*Instructions to follow*
What you give back must match the data below character for character.

[Collected data]
┄┄┄┄┄┄┄┄┄┄

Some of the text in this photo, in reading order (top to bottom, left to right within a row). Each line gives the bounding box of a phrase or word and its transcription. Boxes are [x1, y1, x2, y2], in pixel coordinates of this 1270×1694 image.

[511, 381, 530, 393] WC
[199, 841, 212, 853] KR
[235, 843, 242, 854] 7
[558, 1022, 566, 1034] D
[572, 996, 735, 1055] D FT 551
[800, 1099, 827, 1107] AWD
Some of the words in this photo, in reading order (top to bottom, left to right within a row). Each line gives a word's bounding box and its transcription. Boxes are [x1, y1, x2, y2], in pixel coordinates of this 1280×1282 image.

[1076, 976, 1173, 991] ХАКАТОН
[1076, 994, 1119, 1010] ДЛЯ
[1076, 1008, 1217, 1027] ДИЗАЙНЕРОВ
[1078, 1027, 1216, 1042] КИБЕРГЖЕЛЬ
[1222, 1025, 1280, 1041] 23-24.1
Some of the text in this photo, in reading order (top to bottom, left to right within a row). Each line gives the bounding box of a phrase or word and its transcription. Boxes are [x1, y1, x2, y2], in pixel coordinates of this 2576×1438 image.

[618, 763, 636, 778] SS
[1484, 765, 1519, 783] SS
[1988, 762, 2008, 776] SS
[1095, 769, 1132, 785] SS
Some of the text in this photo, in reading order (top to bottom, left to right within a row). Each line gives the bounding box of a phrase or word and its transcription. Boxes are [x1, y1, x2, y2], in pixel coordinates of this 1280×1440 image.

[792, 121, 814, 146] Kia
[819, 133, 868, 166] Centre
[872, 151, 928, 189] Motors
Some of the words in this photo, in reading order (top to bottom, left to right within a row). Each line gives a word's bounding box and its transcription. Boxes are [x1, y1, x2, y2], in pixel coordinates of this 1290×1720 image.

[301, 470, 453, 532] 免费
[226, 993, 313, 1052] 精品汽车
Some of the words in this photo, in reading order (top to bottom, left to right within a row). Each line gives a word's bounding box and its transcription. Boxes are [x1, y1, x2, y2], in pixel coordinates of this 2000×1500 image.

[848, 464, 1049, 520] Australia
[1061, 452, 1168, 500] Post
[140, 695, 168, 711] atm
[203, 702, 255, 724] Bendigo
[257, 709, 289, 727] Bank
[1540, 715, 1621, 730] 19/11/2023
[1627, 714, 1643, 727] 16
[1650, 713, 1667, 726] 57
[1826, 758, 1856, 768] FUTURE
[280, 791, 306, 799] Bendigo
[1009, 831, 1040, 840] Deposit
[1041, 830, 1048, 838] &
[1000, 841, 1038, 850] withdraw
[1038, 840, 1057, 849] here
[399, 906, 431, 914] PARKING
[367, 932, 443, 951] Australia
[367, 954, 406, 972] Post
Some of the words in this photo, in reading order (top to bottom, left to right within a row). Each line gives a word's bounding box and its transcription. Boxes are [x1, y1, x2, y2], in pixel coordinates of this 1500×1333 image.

┄┄┄┄┄┄┄┄┄┄

*Answer to the exercise*
Some of the text in this photo, in reading order (top to bottom, left to right within a row). Each line gives the bounding box of a phrase or word and its transcription. Boxes are [x1, y1, x2, y2], in pixel coordinates of this 1270×1694 image.

[511, 381, 530, 393] WC
[199, 841, 212, 853] KR
[235, 843, 242, 854] 7
[558, 1022, 566, 1034] D
[572, 996, 735, 1055] D FT 551
[800, 1099, 827, 1107] AWD
Some of the words in this photo, in reading order (top to bottom, left to right within a row). Each line gives a word's bounding box and its transcription. Boxes are [x1, y1, x2, y2], in pixel coordinates of this 1280×1282 image.

[1076, 976, 1173, 991] ХАКАТОН
[1076, 994, 1119, 1010] ДЛЯ
[1076, 1008, 1217, 1027] ДИЗАЙНЕРОВ
[1078, 1027, 1216, 1042] КИБЕРГЖЕЛЬ
[1222, 1025, 1280, 1041] 23-24.1
Some of the text in this photo, in reading order (top to bottom, left to right within a row). Each line gives the bounding box of a phrase or word and its transcription. Boxes are [x1, y1, x2, y2], in pixel coordinates of this 2576×1438 image.

[618, 763, 636, 778] SS
[1484, 765, 1519, 783] SS
[1988, 762, 2008, 776] SS
[1095, 769, 1132, 785] SS
Some of the text in this photo, in reading order (top to bottom, left to right within a row). Each line gives the bounding box of a phrase or word and its transcription. Boxes are [x1, y1, x2, y2], in pixel coordinates of this 1280×1440 image.

[792, 121, 814, 146] Kia
[819, 133, 868, 166] Centre
[872, 151, 928, 189] Motors
Some of the words in this photo, in reading order (top to bottom, left to right within a row). Each line gives a word's bounding box and its transcription. Boxes are [x1, y1, x2, y2], in pixel coordinates of this 1290×1720 image.

[301, 470, 453, 532] 免费
[226, 993, 313, 1052] 精品汽车
Some of the words in this photo, in reading order (top to bottom, left to right within a row). Each line gives a word's bounding box and its transcription. Boxes are [x1, y1, x2, y2], in pixel coordinates of this 2000×1500 image.

[848, 464, 1049, 520] Australia
[1061, 452, 1168, 500] Post
[140, 695, 168, 711] atm
[203, 702, 255, 724] Bendigo
[257, 709, 289, 727] Bank
[1540, 715, 1621, 730] 19/11/2023
[1627, 714, 1643, 727] 16
[1650, 713, 1667, 726] 57
[1826, 758, 1856, 768] FUTURE
[280, 791, 306, 799] Bendigo
[1009, 831, 1040, 840] Deposit
[1041, 830, 1048, 838] &
[1000, 841, 1038, 850] withdraw
[1038, 840, 1057, 849] here
[399, 906, 431, 914] PARKING
[367, 932, 443, 951] Australia
[367, 954, 406, 972] Post
Some of the words in this photo, in reading order (top to bottom, left to right within a row). Each line gives a word's bounding box and its transcription. Boxes are [x1, y1, x2, y2], in pixel coordinates of this 1500×1333 image.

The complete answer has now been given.